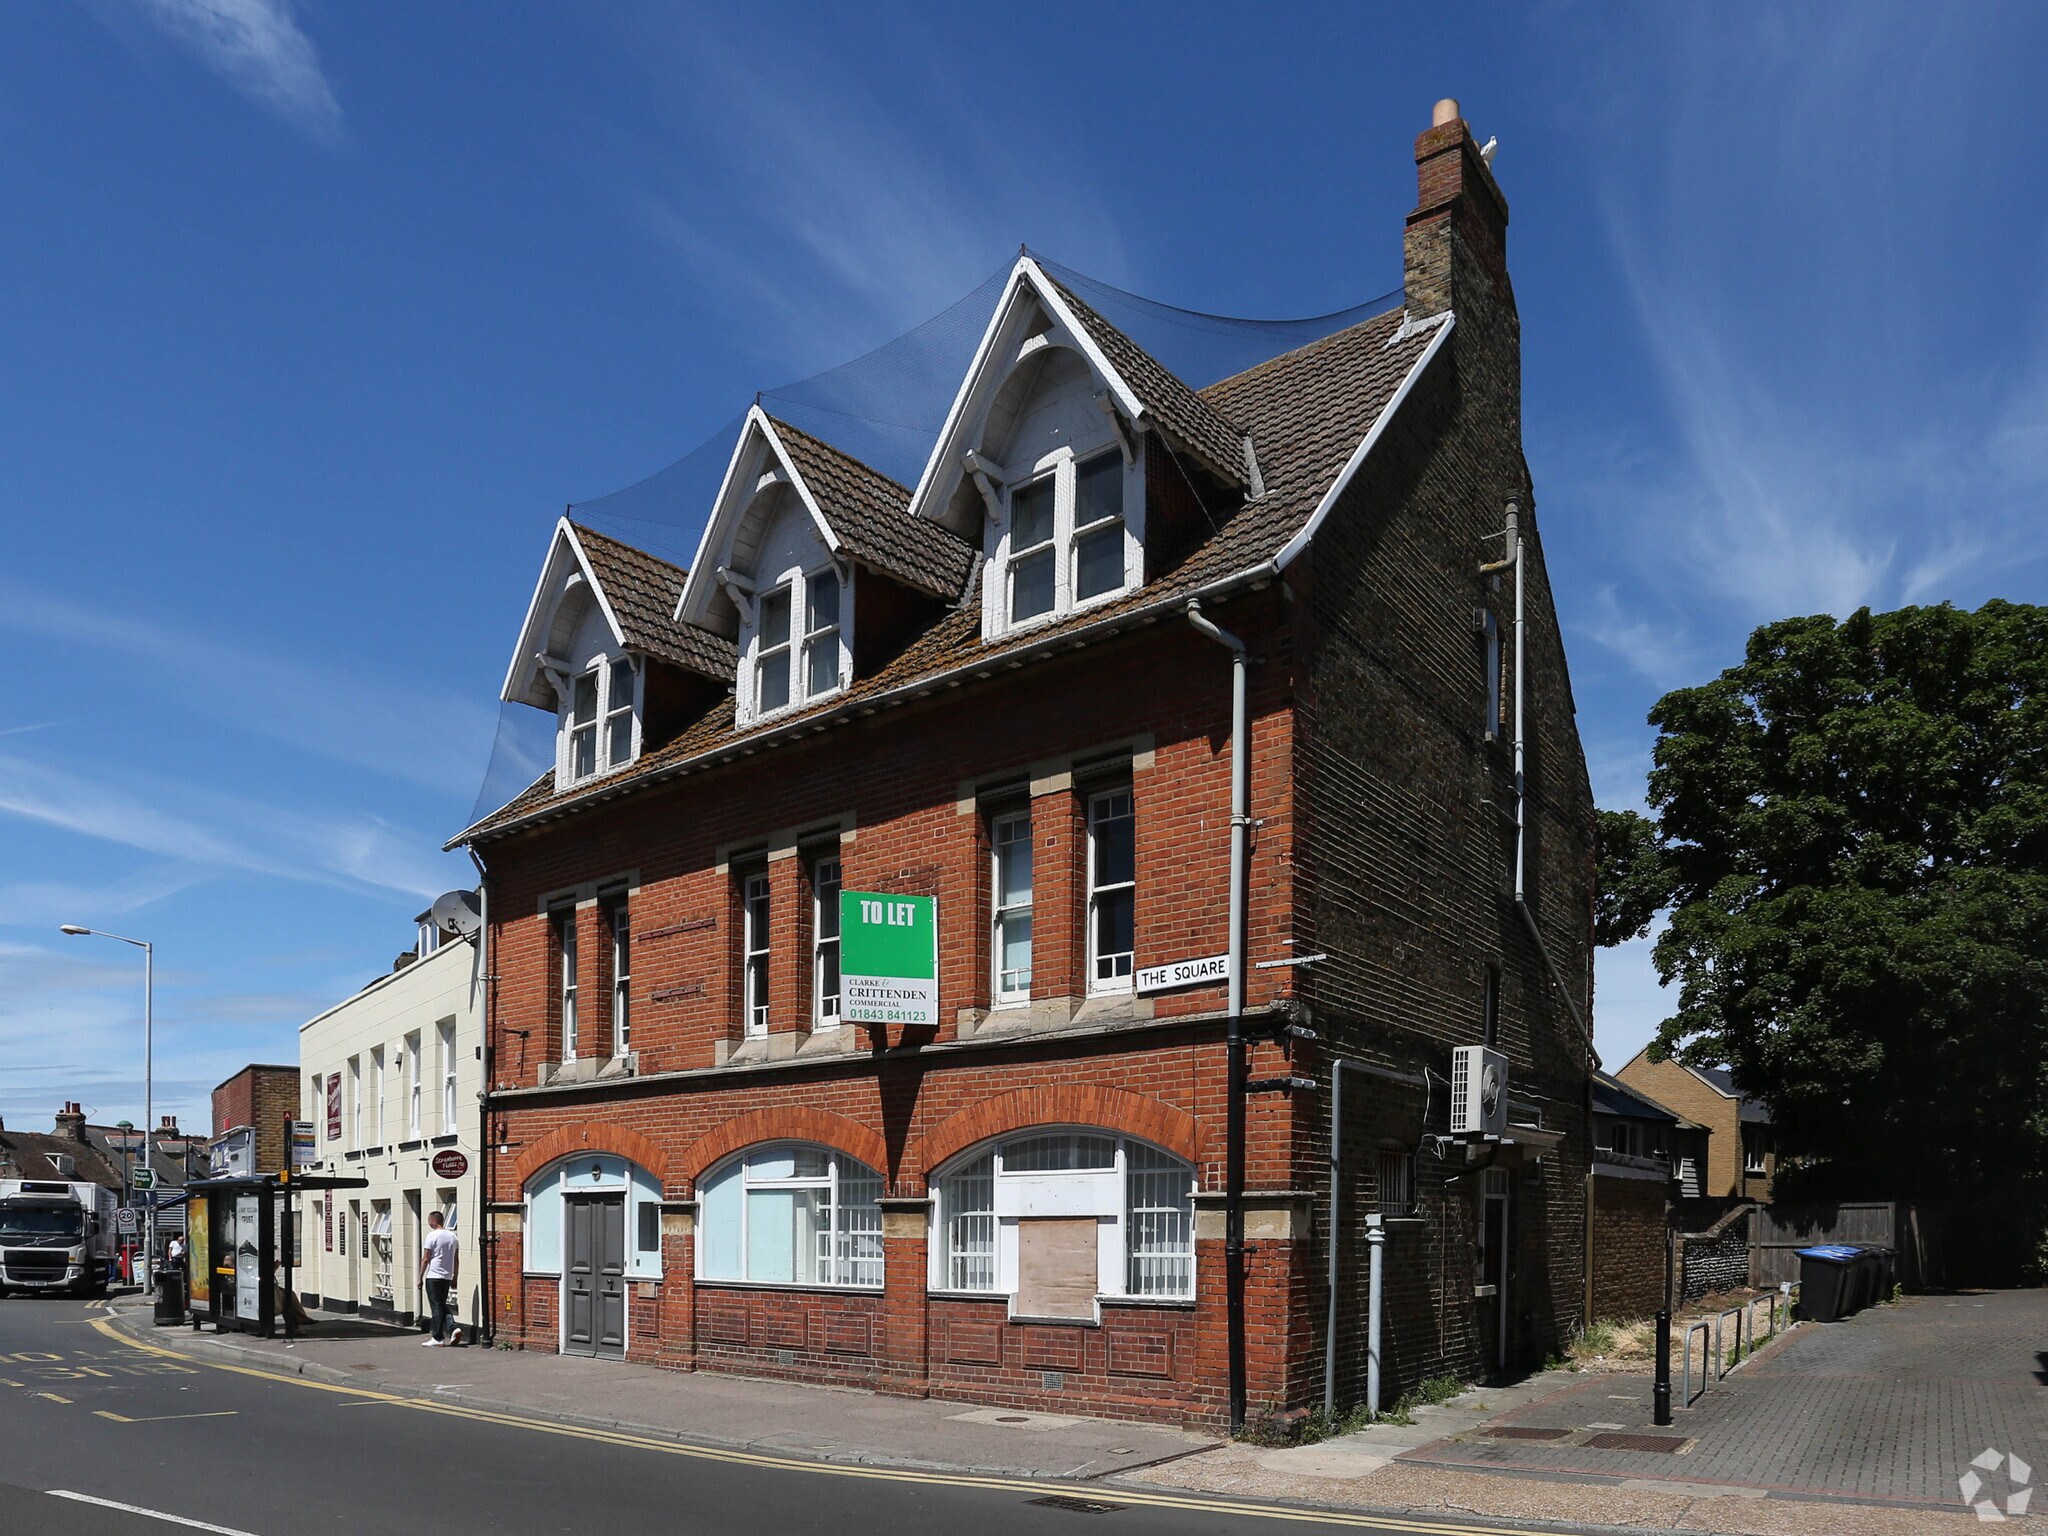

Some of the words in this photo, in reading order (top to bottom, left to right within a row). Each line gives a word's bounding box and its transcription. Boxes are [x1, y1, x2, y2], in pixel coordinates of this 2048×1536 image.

[860, 900, 883, 924] TO
[887, 902, 916, 926] LET
[1142, 970, 1167, 986] THE
[1174, 960, 1226, 981] SQUARE
[849, 979, 880, 987] CLARKE
[849, 987, 928, 1000] CRITTENDEN
[849, 999, 902, 1007] COMMERCIAL
[850, 1008, 884, 1020] 01843
[887, 1010, 927, 1021] 841123
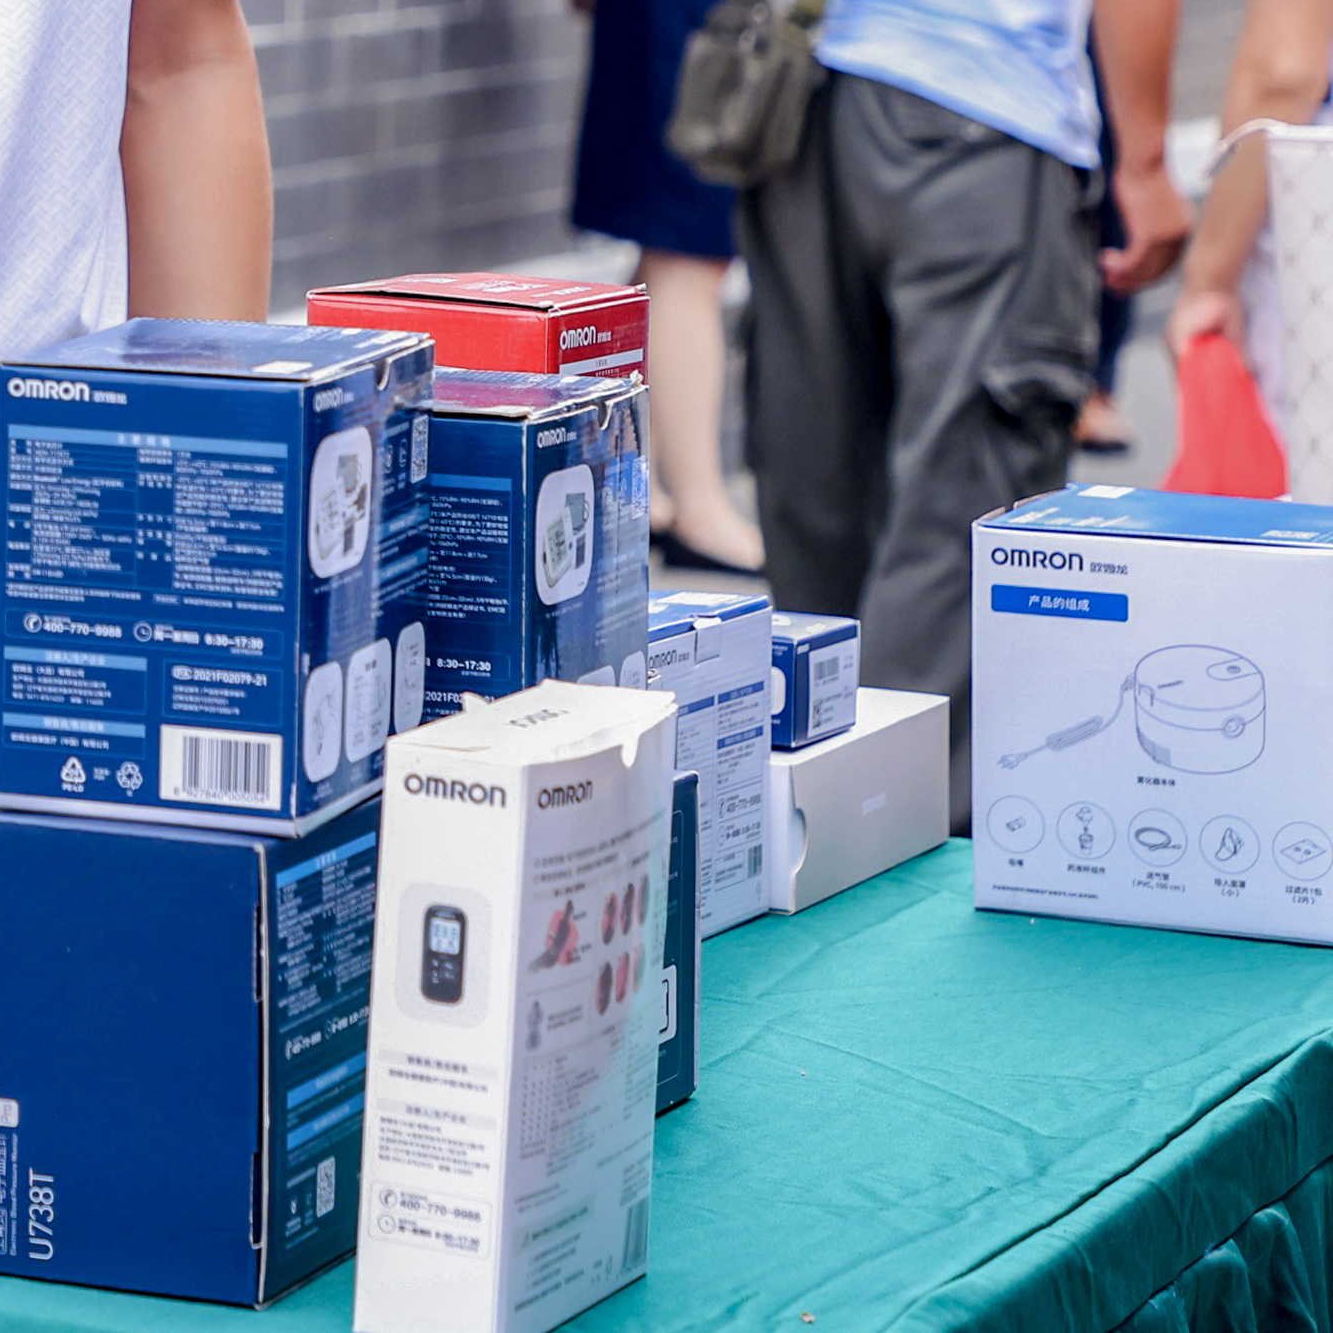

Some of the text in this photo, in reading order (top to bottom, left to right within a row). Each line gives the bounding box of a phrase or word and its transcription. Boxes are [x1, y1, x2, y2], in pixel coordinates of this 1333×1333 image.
◆ ◆ ◆ ◆ ◆
**TASK OBJECTIVE:** Every line of the listing above is to be set down verbatim, without the pictures.

**RESULT OF THE EXERCISE:**
Some of the words in this photo, in reading order (top to bottom, left to right within a row). Each line gives a word's bounding box and its transcription. Boxes are [x1, y1, x2, y2], in pixel coordinates of this 2048×1536 image.

[860, 900, 883, 924] TO
[887, 902, 916, 926] LET
[1142, 970, 1167, 986] THE
[1174, 960, 1226, 981] SQUARE
[849, 979, 880, 987] CLARKE
[849, 987, 928, 1000] CRITTENDEN
[849, 999, 902, 1007] COMMERCIAL
[850, 1008, 884, 1020] 01843
[887, 1010, 927, 1021] 841123

Some of the text in this photo, in reading order (top to bottom, left to right within a row). Each line gives the bounding box of a phrase or word and its transcription. Boxes are [x1, y1, x2, y2], in pixel coordinates of this 1333×1333 image.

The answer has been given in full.